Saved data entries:
● ● ● ● ● ● ●
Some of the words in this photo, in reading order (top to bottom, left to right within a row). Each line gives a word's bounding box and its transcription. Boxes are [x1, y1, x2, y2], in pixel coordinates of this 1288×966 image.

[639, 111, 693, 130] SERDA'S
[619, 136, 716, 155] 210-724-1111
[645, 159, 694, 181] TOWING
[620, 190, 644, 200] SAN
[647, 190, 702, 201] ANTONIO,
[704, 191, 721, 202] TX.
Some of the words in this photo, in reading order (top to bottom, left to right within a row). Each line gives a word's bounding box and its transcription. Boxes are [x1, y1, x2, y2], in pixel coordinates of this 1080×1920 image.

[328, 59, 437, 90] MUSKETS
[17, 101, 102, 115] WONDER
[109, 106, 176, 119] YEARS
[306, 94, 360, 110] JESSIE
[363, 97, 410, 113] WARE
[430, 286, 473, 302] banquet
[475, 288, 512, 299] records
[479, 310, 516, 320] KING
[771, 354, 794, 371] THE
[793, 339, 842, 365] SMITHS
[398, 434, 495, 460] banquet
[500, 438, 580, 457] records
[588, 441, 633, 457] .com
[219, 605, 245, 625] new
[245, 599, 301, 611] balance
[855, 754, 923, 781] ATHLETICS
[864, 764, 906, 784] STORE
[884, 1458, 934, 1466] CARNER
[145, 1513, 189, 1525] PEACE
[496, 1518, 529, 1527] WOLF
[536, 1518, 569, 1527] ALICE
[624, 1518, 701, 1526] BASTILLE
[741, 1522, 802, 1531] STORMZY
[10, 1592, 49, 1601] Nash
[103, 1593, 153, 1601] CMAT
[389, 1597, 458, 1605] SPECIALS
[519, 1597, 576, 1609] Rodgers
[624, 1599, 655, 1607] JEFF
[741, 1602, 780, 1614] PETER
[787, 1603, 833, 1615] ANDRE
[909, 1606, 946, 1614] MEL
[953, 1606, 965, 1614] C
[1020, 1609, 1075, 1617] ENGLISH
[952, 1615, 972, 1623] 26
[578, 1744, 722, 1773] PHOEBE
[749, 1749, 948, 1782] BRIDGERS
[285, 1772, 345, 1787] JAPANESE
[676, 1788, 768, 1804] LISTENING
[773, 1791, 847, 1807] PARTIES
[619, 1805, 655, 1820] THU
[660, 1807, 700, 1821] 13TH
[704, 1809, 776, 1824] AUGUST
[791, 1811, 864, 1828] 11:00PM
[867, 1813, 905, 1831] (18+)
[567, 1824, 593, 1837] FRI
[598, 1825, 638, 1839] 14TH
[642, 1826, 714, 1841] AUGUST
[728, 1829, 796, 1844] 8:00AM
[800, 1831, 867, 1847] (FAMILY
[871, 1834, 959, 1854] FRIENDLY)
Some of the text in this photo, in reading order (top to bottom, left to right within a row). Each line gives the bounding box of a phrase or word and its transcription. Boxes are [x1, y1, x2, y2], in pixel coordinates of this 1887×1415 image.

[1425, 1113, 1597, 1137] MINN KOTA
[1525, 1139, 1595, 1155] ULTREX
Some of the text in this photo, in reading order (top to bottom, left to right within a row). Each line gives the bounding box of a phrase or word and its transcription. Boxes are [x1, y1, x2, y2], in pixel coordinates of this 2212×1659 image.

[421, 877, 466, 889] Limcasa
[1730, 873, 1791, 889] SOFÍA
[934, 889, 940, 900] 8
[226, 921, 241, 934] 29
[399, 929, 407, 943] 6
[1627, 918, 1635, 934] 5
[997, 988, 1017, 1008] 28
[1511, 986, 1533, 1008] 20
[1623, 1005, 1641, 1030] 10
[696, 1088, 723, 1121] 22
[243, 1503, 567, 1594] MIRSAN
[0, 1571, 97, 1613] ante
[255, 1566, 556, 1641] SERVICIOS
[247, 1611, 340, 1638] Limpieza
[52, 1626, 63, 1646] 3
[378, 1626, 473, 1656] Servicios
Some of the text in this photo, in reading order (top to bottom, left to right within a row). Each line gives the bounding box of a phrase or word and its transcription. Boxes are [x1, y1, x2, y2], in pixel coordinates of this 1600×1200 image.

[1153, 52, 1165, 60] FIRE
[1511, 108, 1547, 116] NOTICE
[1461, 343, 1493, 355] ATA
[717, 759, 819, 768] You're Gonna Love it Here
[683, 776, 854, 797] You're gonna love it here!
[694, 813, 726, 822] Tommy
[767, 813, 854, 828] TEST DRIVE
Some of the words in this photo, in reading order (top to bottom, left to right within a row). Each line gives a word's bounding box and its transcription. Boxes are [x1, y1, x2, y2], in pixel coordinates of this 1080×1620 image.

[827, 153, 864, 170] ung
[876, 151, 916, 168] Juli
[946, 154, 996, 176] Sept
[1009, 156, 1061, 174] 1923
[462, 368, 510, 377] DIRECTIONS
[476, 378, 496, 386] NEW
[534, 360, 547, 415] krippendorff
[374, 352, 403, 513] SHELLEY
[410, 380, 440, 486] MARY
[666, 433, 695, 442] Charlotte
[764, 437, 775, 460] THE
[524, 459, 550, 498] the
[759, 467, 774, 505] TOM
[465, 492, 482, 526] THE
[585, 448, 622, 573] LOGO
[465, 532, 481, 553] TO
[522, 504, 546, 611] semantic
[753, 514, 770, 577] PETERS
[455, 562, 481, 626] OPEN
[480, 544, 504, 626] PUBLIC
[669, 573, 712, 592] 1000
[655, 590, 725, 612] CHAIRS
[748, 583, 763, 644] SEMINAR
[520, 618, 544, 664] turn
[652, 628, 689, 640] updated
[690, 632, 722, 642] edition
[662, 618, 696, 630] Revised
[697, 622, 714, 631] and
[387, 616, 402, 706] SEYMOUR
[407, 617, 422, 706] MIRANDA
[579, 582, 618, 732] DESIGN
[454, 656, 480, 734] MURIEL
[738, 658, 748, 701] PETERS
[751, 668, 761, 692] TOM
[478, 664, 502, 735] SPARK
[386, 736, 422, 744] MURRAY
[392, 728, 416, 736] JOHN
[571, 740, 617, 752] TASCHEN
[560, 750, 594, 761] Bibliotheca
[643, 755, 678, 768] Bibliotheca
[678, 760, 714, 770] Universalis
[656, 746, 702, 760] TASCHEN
● ● ● ● ● ● ●
**WORK TO BE COMPLETED:** Return the records exactly, character for character.

**TASK ANSWER:**
Some of the words in this photo, in reading order (top to bottom, left to right within a row). Each line gives a word's bounding box and its transcription. Boxes are [x1, y1, x2, y2], in pixel coordinates of this 1288×966 image.

[639, 111, 693, 130] SERDA'S
[619, 136, 716, 155] 210-724-1111
[645, 159, 694, 181] TOWING
[620, 190, 644, 200] SAN
[647, 190, 702, 201] ANTONIO,
[704, 191, 721, 202] TX.
Some of the words in this photo, in reading order (top to bottom, left to right within a row). Each line gives a word's bounding box and its transcription. Boxes are [x1, y1, x2, y2], in pixel coordinates of this 1080×1920 image.

[328, 59, 437, 90] MUSKETS
[17, 101, 102, 115] WONDER
[109, 106, 176, 119] YEARS
[306, 94, 360, 110] JESSIE
[363, 97, 410, 113] WARE
[430, 286, 473, 302] banquet
[475, 288, 512, 299] records
[479, 310, 516, 320] KING
[771, 354, 794, 371] THE
[793, 339, 842, 365] SMITHS
[398, 434, 495, 460] banquet
[500, 438, 580, 457] records
[588, 441, 633, 457] .com
[219, 605, 245, 625] new
[245, 599, 301, 611] balance
[855, 754, 923, 781] ATHLETICS
[864, 764, 906, 784] STORE
[884, 1458, 934, 1466] CARNER
[145, 1513, 189, 1525] PEACE
[496, 1518, 529, 1527] WOLF
[536, 1518, 569, 1527] ALICE
[624, 1518, 701, 1526] BASTILLE
[741, 1522, 802, 1531] STORMZY
[10, 1592, 49, 1601] Nash
[103, 1593, 153, 1601] CMAT
[389, 1597, 458, 1605] SPECIALS
[519, 1597, 576, 1609] Rodgers
[624, 1599, 655, 1607] JEFF
[741, 1602, 780, 1614] PETER
[787, 1603, 833, 1615] ANDRE
[909, 1606, 946, 1614] MEL
[953, 1606, 965, 1614] C
[1020, 1609, 1075, 1617] ENGLISH
[952, 1615, 972, 1623] 26
[578, 1744, 722, 1773] PHOEBE
[749, 1749, 948, 1782] BRIDGERS
[285, 1772, 345, 1787] JAPANESE
[676, 1788, 768, 1804] LISTENING
[773, 1791, 847, 1807] PARTIES
[619, 1805, 655, 1820] THU
[660, 1807, 700, 1821] 13TH
[704, 1809, 776, 1824] AUGUST
[791, 1811, 864, 1828] 11:00PM
[867, 1813, 905, 1831] (18+)
[567, 1824, 593, 1837] FRI
[598, 1825, 638, 1839] 14TH
[642, 1826, 714, 1841] AUGUST
[728, 1829, 796, 1844] 8:00AM
[800, 1831, 867, 1847] (FAMILY
[871, 1834, 959, 1854] FRIENDLY)
Some of the text in this photo, in reading order (top to bottom, left to right within a row). Each line gives the bounding box of a phrase or word and its transcription. Boxes are [x1, y1, x2, y2], in pixel coordinates of this 1887×1415 image.

[1425, 1113, 1597, 1137] MINN KOTA
[1525, 1139, 1595, 1155] ULTREX
Some of the text in this photo, in reading order (top to bottom, left to right within a row). Each line gives the bounding box of a phrase or word and its transcription. Boxes are [x1, y1, x2, y2], in pixel coordinates of this 2212×1659 image.

[421, 877, 466, 889] Limcasa
[1730, 873, 1791, 889] SOFÍA
[934, 889, 940, 900] 8
[226, 921, 241, 934] 29
[399, 929, 407, 943] 6
[1627, 918, 1635, 934] 5
[997, 988, 1017, 1008] 28
[1511, 986, 1533, 1008] 20
[1623, 1005, 1641, 1030] 10
[696, 1088, 723, 1121] 22
[243, 1503, 567, 1594] MIRSAN
[0, 1571, 97, 1613] ante
[255, 1566, 556, 1641] SERVICIOS
[247, 1611, 340, 1638] Limpieza
[52, 1626, 63, 1646] 3
[378, 1626, 473, 1656] Servicios
Some of the text in this photo, in reading order (top to bottom, left to right within a row). Each line gives the bounding box of a phrase or word and its transcription. Boxes are [x1, y1, x2, y2], in pixel coordinates of this 1600×1200 image.

[1153, 52, 1165, 60] FIRE
[1511, 108, 1547, 116] NOTICE
[1461, 343, 1493, 355] ATA
[717, 759, 819, 768] You're Gonna Love it Here
[683, 776, 854, 797] You're gonna love it here!
[694, 813, 726, 822] Tommy
[767, 813, 854, 828] TEST DRIVE
Some of the words in this photo, in reading order (top to bottom, left to right within a row). Each line gives a word's bounding box and its transcription. Boxes are [x1, y1, x2, y2], in pixel coordinates of this 1080×1620 image.

[827, 153, 864, 170] ung
[876, 151, 916, 168] Juli
[946, 154, 996, 176] Sept
[1009, 156, 1061, 174] 1923
[462, 368, 510, 377] DIRECTIONS
[476, 378, 496, 386] NEW
[534, 360, 547, 415] krippendorff
[374, 352, 403, 513] SHELLEY
[410, 380, 440, 486] MARY
[666, 433, 695, 442] Charlotte
[764, 437, 775, 460] THE
[524, 459, 550, 498] the
[759, 467, 774, 505] TOM
[465, 492, 482, 526] THE
[585, 448, 622, 573] LOGO
[465, 532, 481, 553] TO
[522, 504, 546, 611] semantic
[753, 514, 770, 577] PETERS
[455, 562, 481, 626] OPEN
[480, 544, 504, 626] PUBLIC
[669, 573, 712, 592] 1000
[655, 590, 725, 612] CHAIRS
[748, 583, 763, 644] SEMINAR
[520, 618, 544, 664] turn
[652, 628, 689, 640] updated
[690, 632, 722, 642] edition
[662, 618, 696, 630] Revised
[697, 622, 714, 631] and
[387, 616, 402, 706] SEYMOUR
[407, 617, 422, 706] MIRANDA
[579, 582, 618, 732] DESIGN
[454, 656, 480, 734] MURIEL
[738, 658, 748, 701] PETERS
[751, 668, 761, 692] TOM
[478, 664, 502, 735] SPARK
[386, 736, 422, 744] MURRAY
[392, 728, 416, 736] JOHN
[571, 740, 617, 752] TASCHEN
[560, 750, 594, 761] Bibliotheca
[643, 755, 678, 768] Bibliotheca
[678, 760, 714, 770] Universalis
[656, 746, 702, 760] TASCHEN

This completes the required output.